カジカと言えば,川に生息する種の方がイメージが強いかもしれない。けれども,世界に生息するカジカ類の約400種のほとんどは海に生息し,北極海や北太平洋で一大勢力として繁栄している。実験所がある前浜にも研究に必要なカジカ類が生息しており,せっかくなら自分で潜ってサンプルを採ってきなさいとの指導教官の指令を受け,数多くの標本を小型の手網だけを武器に集めた。そう,意外と簡単に集めることができたのだ。多少の経験を積んで思ったが,水底に佇んで動かないカジカたちはカムフラージュの達人ではなかろうか。だからこそ,目の肥えたカジカハンター達が近づいても自信満々で逃げることなく,大人しく捕まってしまうのだろう(例:トップ写真のアイカジカ稚魚)。そうして研究用に世界各地で捕まえられたカジカは何匹になるだろうか…。もう,食すなどおろか,カジカに足を向けて寝ることなど一生不可能だ。

標本採集の後は実験をしなければならない。自分には絶対向かないと思っていた遺伝子実験は,悟りを拓いたように淡々とこなし,気が付いた時には卒論のストーリーが完成していた。卒論は自分が考えたテーマではなかったが,一つの問題に対して抱いた疑問に丁寧に向き合うことで,パズルのピースを一つずつはめていくように研究が進んでいくのか,と身をもって体感した。そしてこの時,研究生活が自分に向いているかもしれないとの錯覚に陥ってしまった。

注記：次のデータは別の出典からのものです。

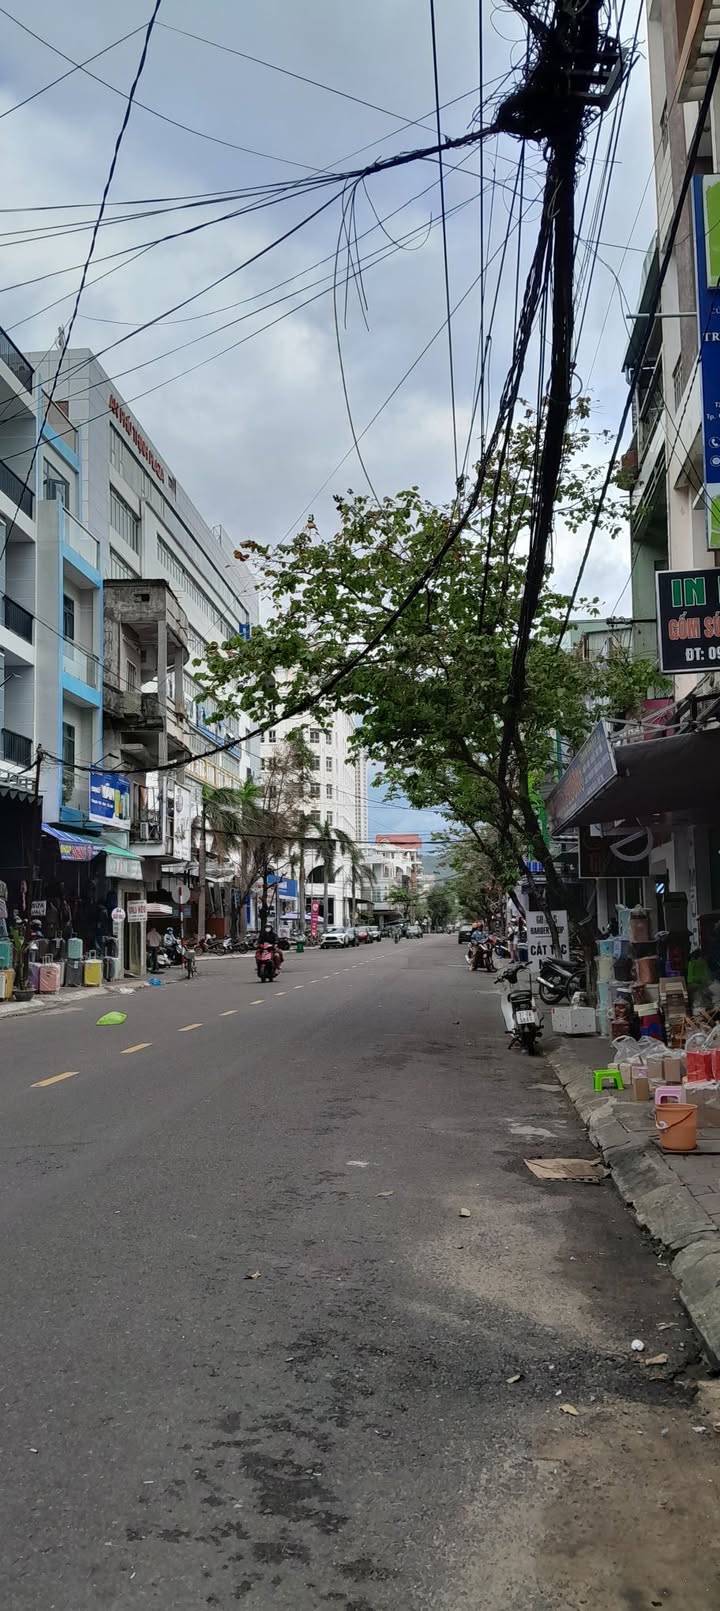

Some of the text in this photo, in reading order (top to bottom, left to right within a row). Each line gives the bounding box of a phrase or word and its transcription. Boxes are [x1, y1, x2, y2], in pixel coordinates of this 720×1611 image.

博士課程に進むと決めたのは,修士1年の就活を始める前。5分ほど悩んで,もう少し研究を続けたい!と決心した。決心が揺らがないよう,周りに宣言したら皆に止められた。古い体育会系人間だからか,負けず嫌いな性格が功を奏したのか,幸いなことに,そして不思議なことに,いまだに研究を続けられている。一人目の出産を期に研究者をやめようとしたが,どうも無理だったようで,結局また研究の世界に戻ってきてしまった。小さな子供を抱えても研究が続けられるのは,きっと周囲の理解に恵まれているからだろう。水底にひっそりと生息するツマグロカジカから始まった研究は,興味の赴くまま流れに身を任せていたら,多様な研究を経て,今では流行りの環境DNAへと移り変わった。学生時代,特別講義で心に残った言葉がある。

「どんな道を選択しようが,最終的には自分のやりたかったことに繋がっていく」

そんなこんなで,今年からは新たな環境で,頼もしいプロジェクトメンバー達と楽しく仕事ができれば,と心から願っている。